Naõ lonje da Cidade, brevemente
Farsehá uma funsaõ que ele naõ perde.
Aqui pela canseira do caminho
Moído xegará, suado, e laso.
Forsozo he pedir vinho, isto naõ falha.
Tu pois, que és marralheira, ásde mui prestes
Em sua mesma Môsa transformarte;
E eu tornado em agua facilmente
Na vazilha entrarei que tu lhe deves
Lampeira ministrar. Ele sedento
Nem se he vinho, ou se he agua reparando
A enfuza vazará no grande buxo.
Deste modo a meu salvo os intestinos
Ávido devorando o darei morto,
E terei concluido a grande empreza.
Vamos pois sem demora vem comigo.

Vamos onde quizeres; insofrida
A Astucia respondeu.

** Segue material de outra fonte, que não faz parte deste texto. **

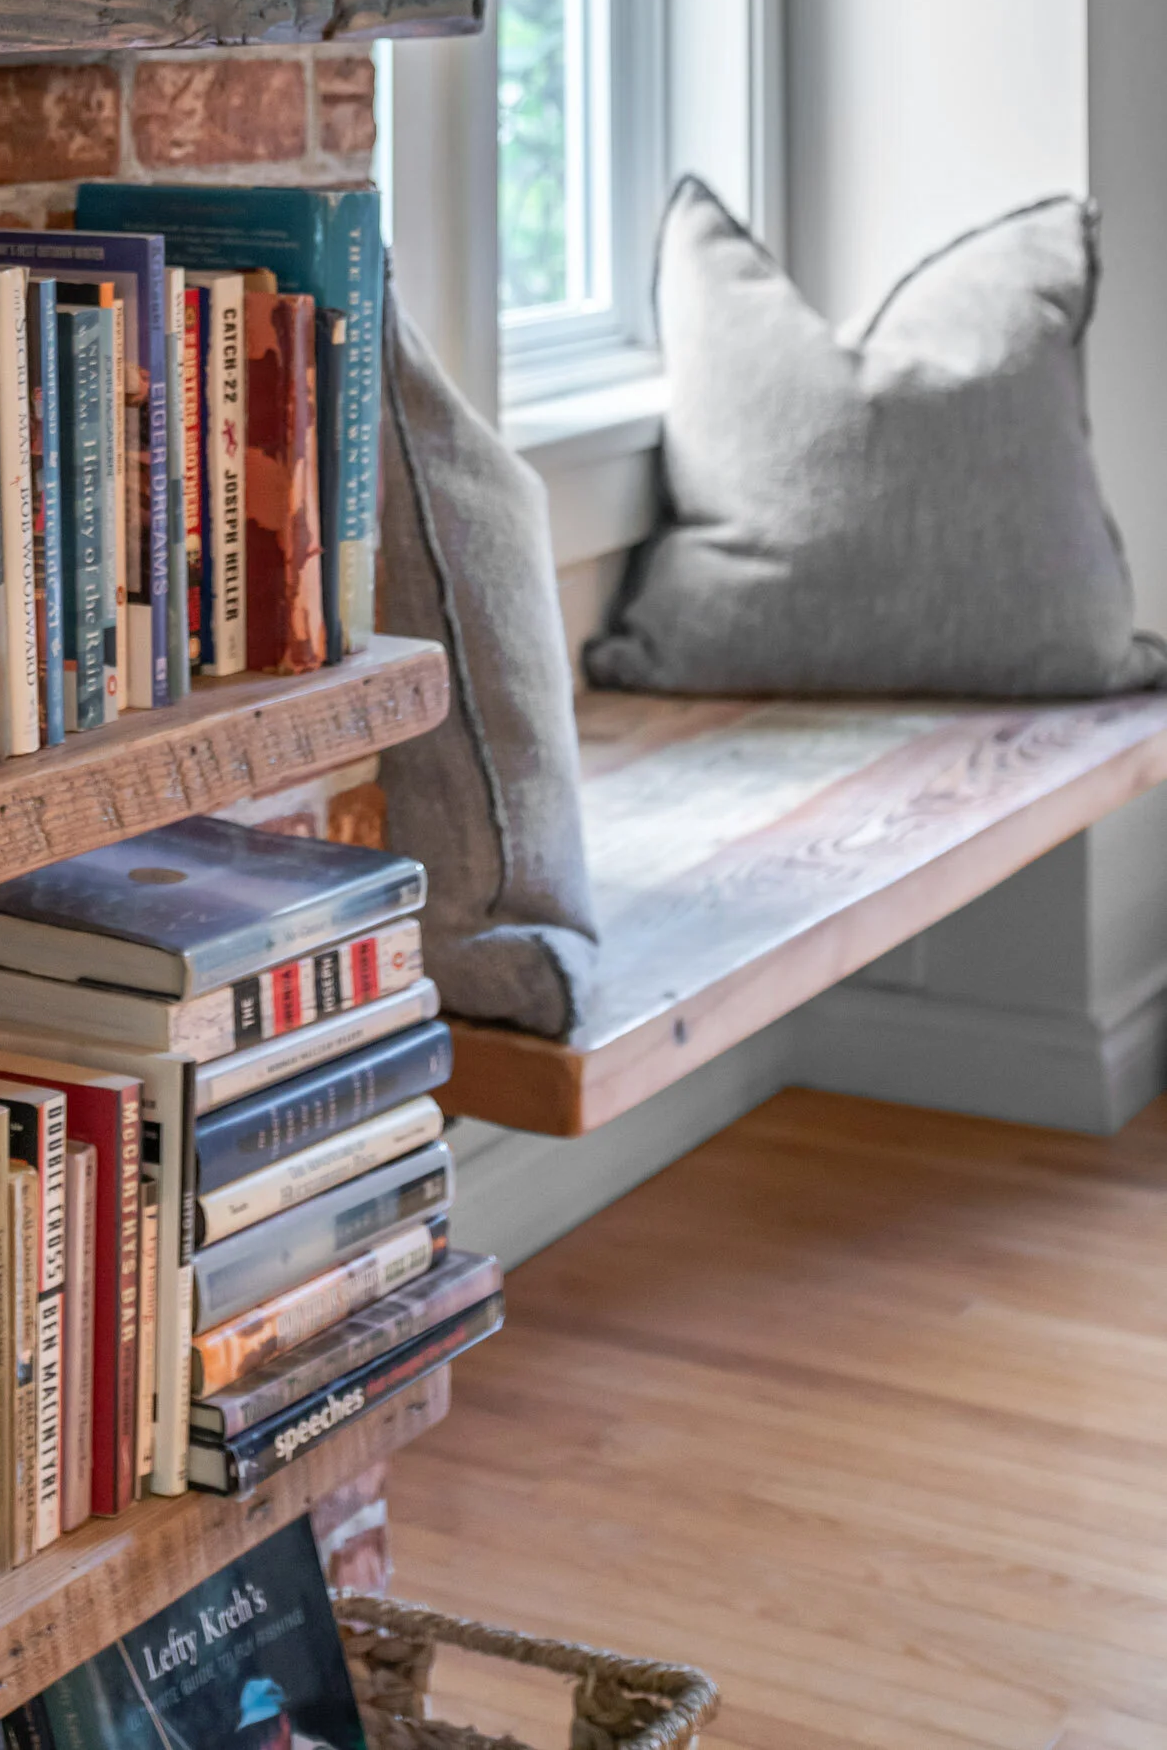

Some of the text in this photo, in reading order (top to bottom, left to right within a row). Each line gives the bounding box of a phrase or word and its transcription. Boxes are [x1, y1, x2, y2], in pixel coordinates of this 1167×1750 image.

[152, 381, 168, 597] EIGER DREAMS
[224, 308, 237, 622] CATCH-22 JOSEPH HELLER
[122, 1099, 137, 1343] McCARTHY'S BAR
[274, 1388, 366, 1459] speeches
[143, 1582, 268, 1681] Lefty Kreh's

E logo promptos
Metidos n'uma nuvem negrejante
Tirada por seis Euros rujidores,
Despejando coriscos sentelhantes
Ao orrorozo som d'um trovaõ grande
Sobre a airoza Coimbra em fim baixáraõ.
Mas como do Deleite o Santareno
Estava no país, ordena Próteo
Que a Astucia dali sacar o fasa,
E á Cidade o conduza aonde a trama
Para o pobre cair armar pertende.

Entre os longos Estados da Mentira
Infame Imperatris da maior parte
Da terráquea mole, junto ás fraldas
D'uma verde colina alcantilada,
Sobre um campo espasozo, plano, ameno
A que regaõ d'um rio as mansas aguas,
A galante Cidade encantadora
Do vaidozo Deleite está plantada,
A pálida Doensa, os Desprazeres,
Os Remorsos crueis, a orrivel Morte
O cume senhoreiaõ do alto monte.
Mas o Engano traidor, c'um tolde espêso
Tudo isto ávido encobre á gran Cidade.
Nela tudo he prazer, tudo he descanso.
O povo abitador ao ocio dado
Só cuida em divertirse: o Baile, o Jogo,
Os Cantos, a Luxuria, os Boms-bocados
Aqui abítaõ ledos: pelas ruas
Amplas Satisfasoins andaõ jirando
Ministros de seu Rei: seu Rei parese,
C'o as fraudolentas côres que a Mentira
Arteira sobre modo o tem pintado,
Um rapás mui lousaõ de afavel jesto.

Aqui de toda a parte os povos correm
De seus serios deveres deslembrados
A pedir a este Rei, quais seus dezejos,
Tais as Satisfasoins, que outorga facil.
Aqui a avía vindo o Santareno,
E a meiga sua Espoza a Santarena,
A pasar algums dias satisfeito
Do fim da grande asaõ com que ultimando
A mais árdua vitoria felismente,
Tinha a um nome de impávida memoria
Por entre o ferro, e o fogo alcanse dado.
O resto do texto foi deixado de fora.